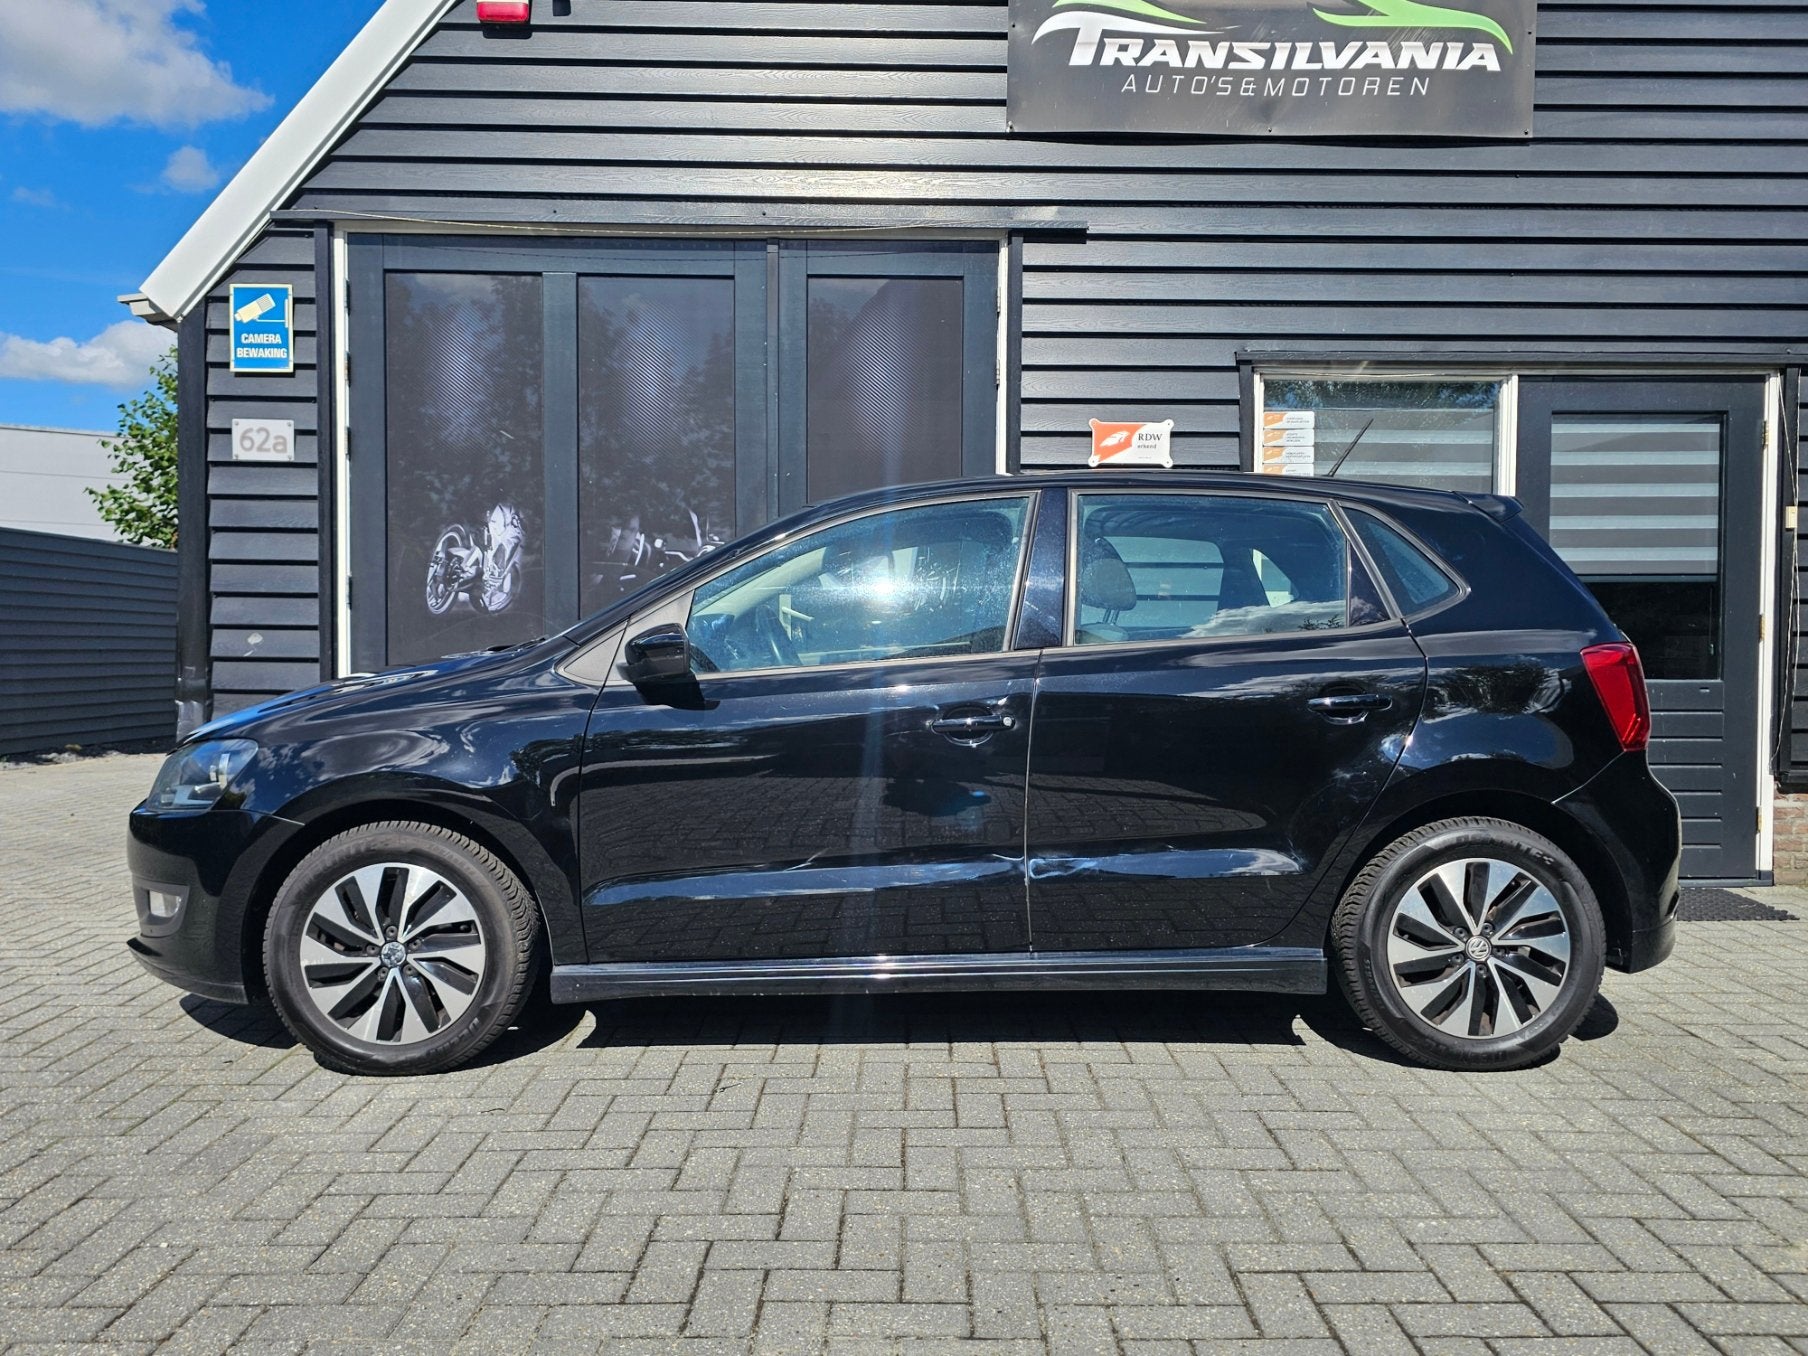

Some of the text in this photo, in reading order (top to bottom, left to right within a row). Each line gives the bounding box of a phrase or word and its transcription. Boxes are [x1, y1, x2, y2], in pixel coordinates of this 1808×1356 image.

[1032, 11, 1501, 72] TRANSILVANIA
[241, 333, 282, 344] CAMERA
[236, 347, 288, 359] BEWAKING
[239, 427, 288, 454] 62a
[1138, 433, 1163, 441] RDW
+-------+
### Problem description
No images belong in the copy. Transcribe every record exactly.

### Problem solution
Some of the text in this photo, in reading order (top to bottom, left to right within a row). Each line gives the bounding box of a phrase or word and its transcription. Boxes are [x1, y1, x2, y2], in pixel coordinates of this 1808×1356 image.

[1032, 11, 1501, 72] TRANSILVANIA
[241, 333, 282, 344] CAMERA
[236, 347, 288, 359] BEWAKING
[239, 427, 288, 454] 62a
[1138, 433, 1163, 441] RDW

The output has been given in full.